**What is being asked**
Would you please copy the entries exactly, leaving every picture aside?

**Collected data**

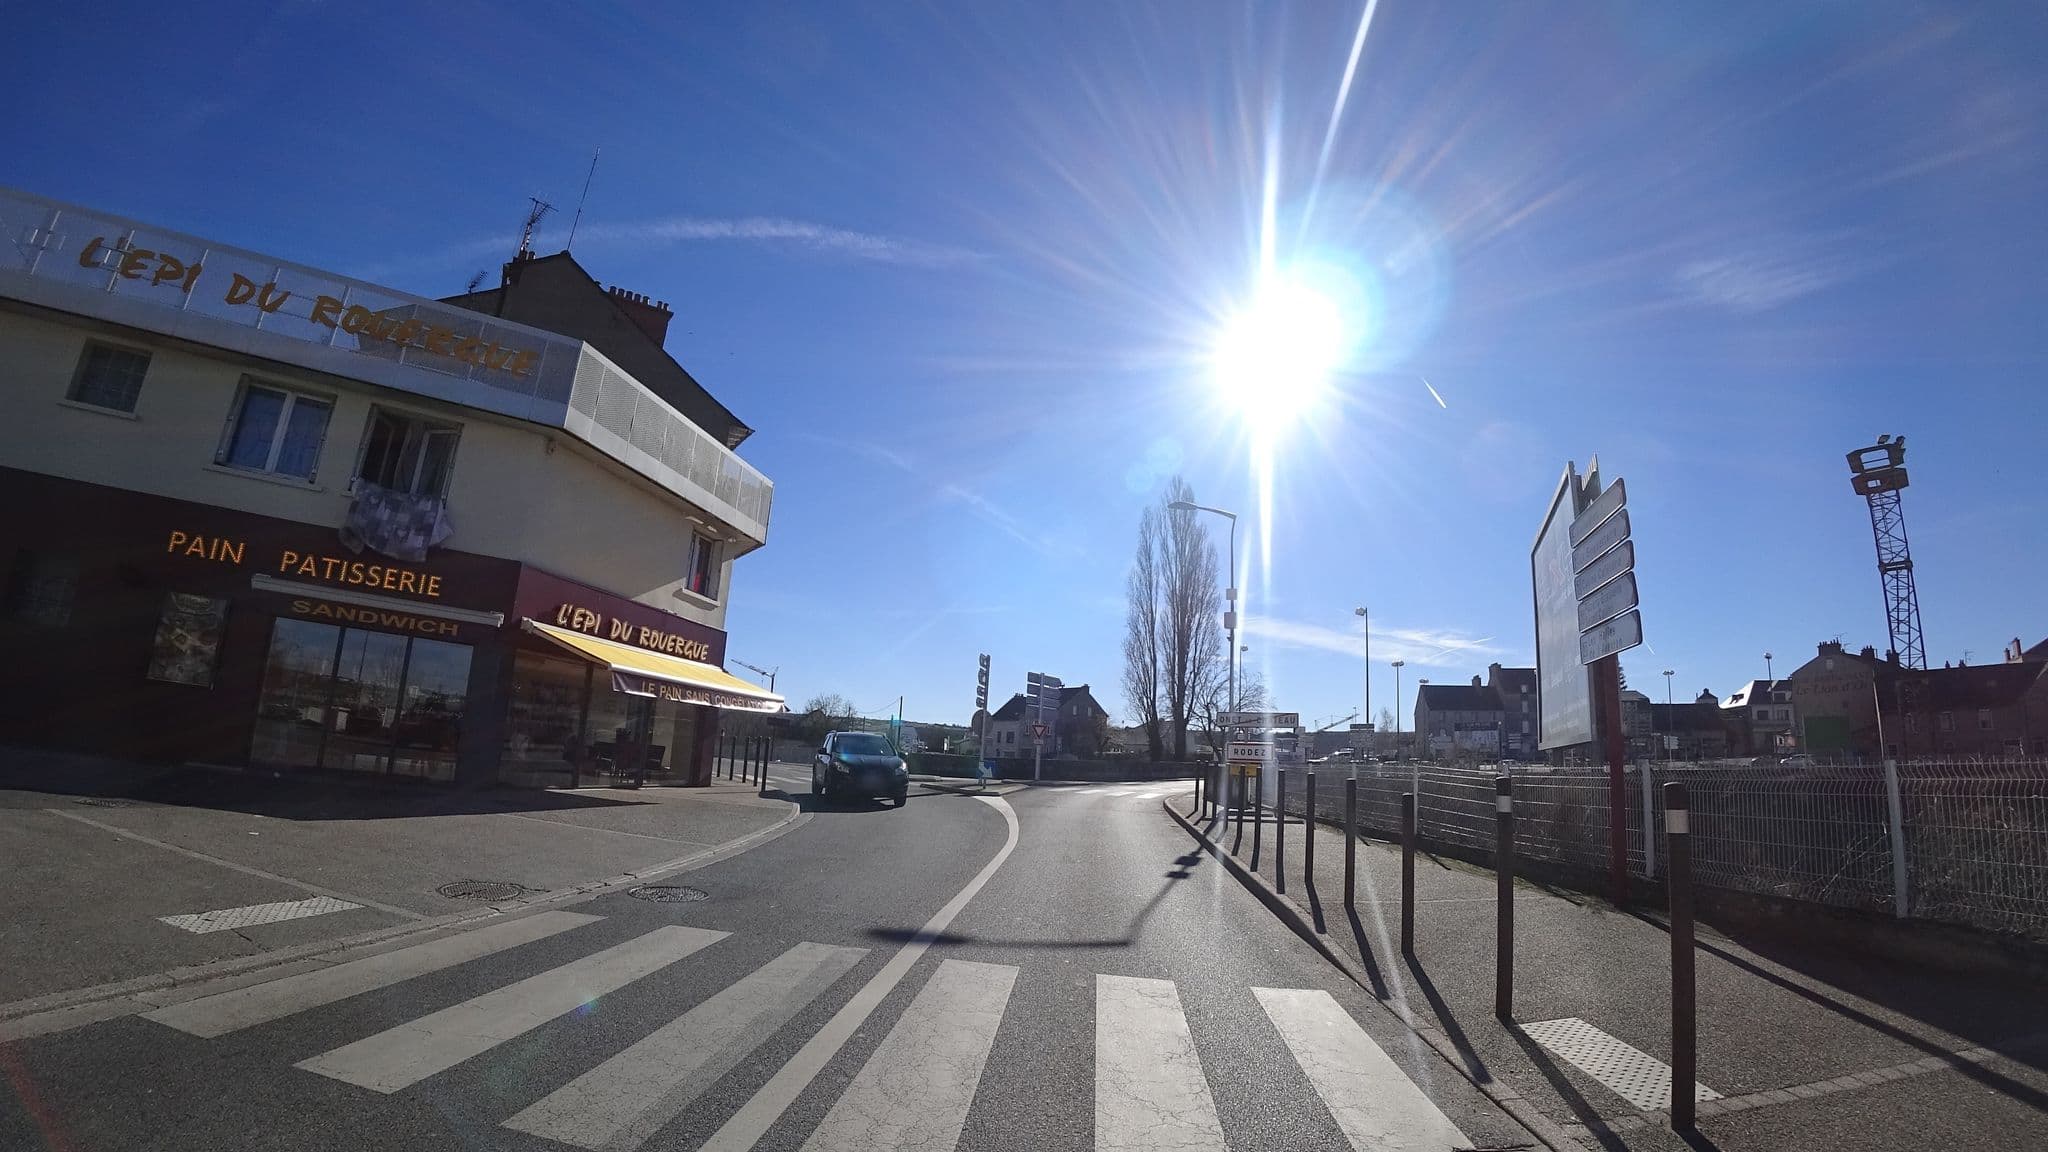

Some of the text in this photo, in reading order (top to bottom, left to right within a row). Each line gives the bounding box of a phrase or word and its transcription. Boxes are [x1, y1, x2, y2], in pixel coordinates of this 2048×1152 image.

[79, 236, 538, 379] L'EPI DU ROUERGUE
[167, 530, 443, 598] PAIN PATISSERIE
[291, 599, 460, 637] SANDWICH
[557, 603, 709, 661] L'EPI DU ROUERGUE
[641, 681, 655, 695] LE
[659, 684, 682, 701] PAIN
[685, 690, 710, 705] SANS
[1233, 748, 1266, 757] RODEZ
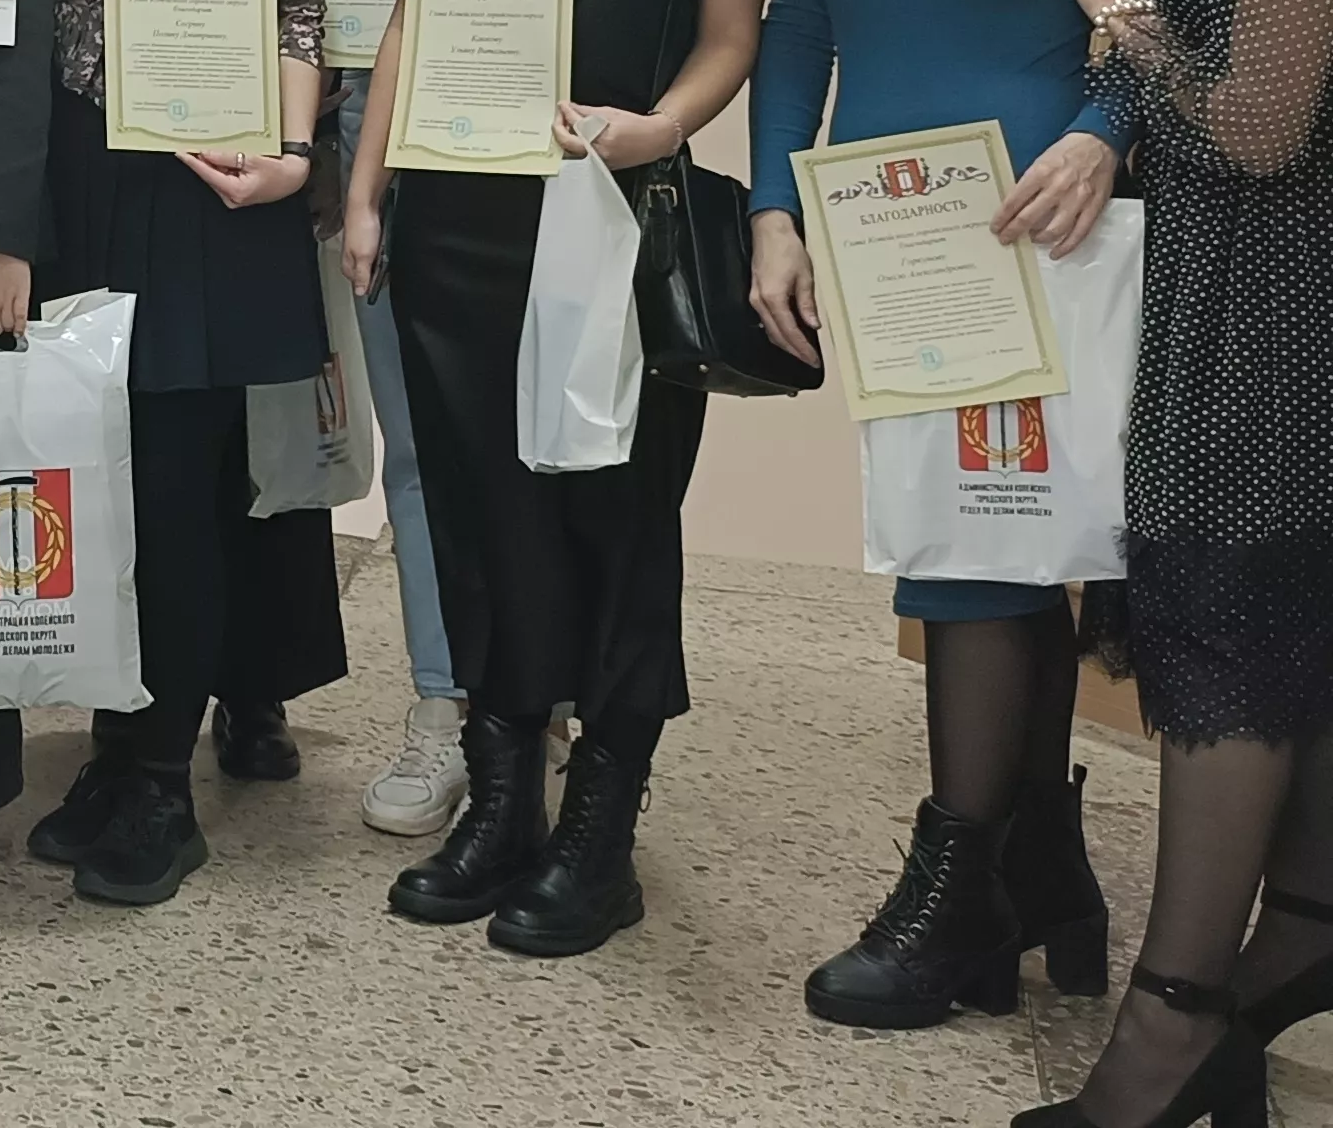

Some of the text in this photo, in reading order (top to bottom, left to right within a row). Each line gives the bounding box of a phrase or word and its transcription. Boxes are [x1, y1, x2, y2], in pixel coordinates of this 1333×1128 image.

**Solution**
Some of the text in this photo, in reading order (top to bottom, left to right within a row). Each line gives the bounding box of a phrase or word and its transcription. Boxes are [x1, y1, x2, y2], in pixel coordinates of this 2048×1152 image.

[79, 236, 538, 379] L'EPI DU ROUERGUE
[167, 530, 443, 598] PAIN PATISSERIE
[291, 599, 460, 637] SANDWICH
[557, 603, 709, 661] L'EPI DU ROUERGUE
[641, 681, 655, 695] LE
[659, 684, 682, 701] PAIN
[685, 690, 710, 705] SANS
[1233, 748, 1266, 757] RODEZ

Some of the text in this photo, in reading order (top to bottom, left to right within a row). Each line gives the bounding box of a phrase or word and its transcription. Boxes are [x1, y1, x2, y2], in pixel coordinates of this 1333×1128 image.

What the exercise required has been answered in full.